1. Field of the Invention
The present invention relates to a transducer, and more particularly, to a transducer including a permanent magnet that generates a magnetostatic field, a patch disposed below the permanent magnet and formed of a material that deforms according to a variation in a magnetic field, an insulator disposed on a top surface of the patch, and a coil wound on the patch and the insulator in a certain form and inducing a magnetomotive field on the patch according to an applied current, in which the form of winding the coil is configured to be a form by which directions of the magnetostatic field generated by the permanent magnet and the magnetomotive field generated by winding the coil are orthogonal to each other.
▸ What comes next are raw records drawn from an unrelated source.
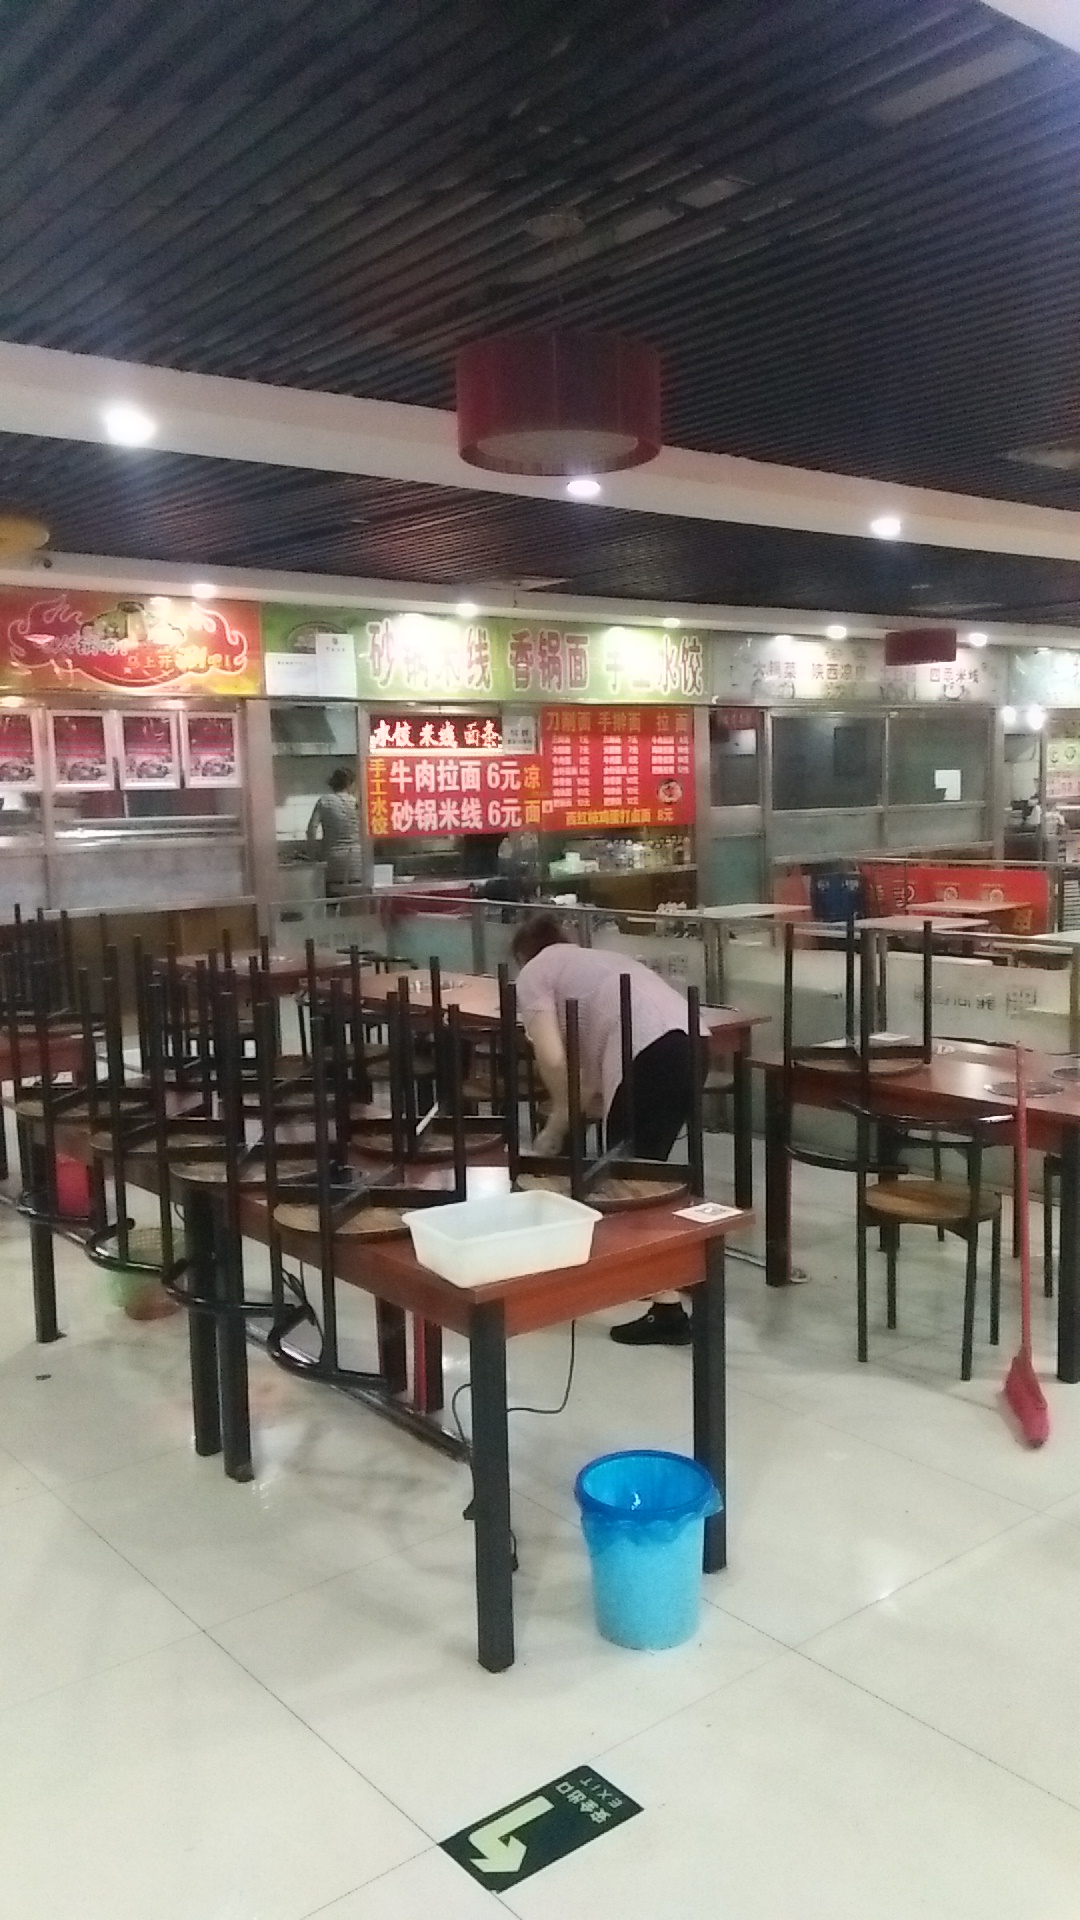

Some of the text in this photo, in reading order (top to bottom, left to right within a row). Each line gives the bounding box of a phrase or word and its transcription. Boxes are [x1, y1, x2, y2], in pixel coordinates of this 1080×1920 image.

[508, 629, 589, 692] 香锅面
[373, 719, 501, 749] 水饺 米线 面条
[389, 758, 522, 793] 牛肉拉面 6元
[369, 758, 389, 835] 手工水饺
[390, 797, 523, 833] 砂锅米线 6元
[555, 1780, 612, 1825] 安全出口
[579, 1776, 624, 1810] EXIT
2. Description of the Related Art
Magnetostriction, also referred to as the Joule effect, is a phenomenon in which a mechanical strain occurs when a ferromagnetic material is located under a magnetic field. As an inverse phenomenon thereof, a phenomenon, in which a magnetic state of the inside of a material varies when a stress acts on the material, is referred to as an inverse magnetostrictive effect or a Villari effect.
Since transducers using a magnetostriction effect may measure a deformation of an object with on mechanical contact with the object, the transducers have been used in several fields in which it is impossible to apply contact-type sensors. When using the magnetostriction effect, it is possible not only to generate elastic waves with no contact but also to generate elastic waves having larger magnitudes than those of methods using a typical piezoelectric effect.
Since omni-directional transducers may generate waves having the same magnitude and mode in all directions, when applying omni-directional transducers to phased array systems, it is possible to efficiently focus waves by using the same algorithm with respect to all directions. However, typical omni-directional transducers generally generate and measure Lamb waves, which have several limitations in comparison with shear-horizontal waves, fundamental mode (SH0 mode) of which has non-dispersive property. Accordingly, it is necessary to develop magnetostrictive patch transducers capable of efficiently generating and measuring shear-horizontal waves.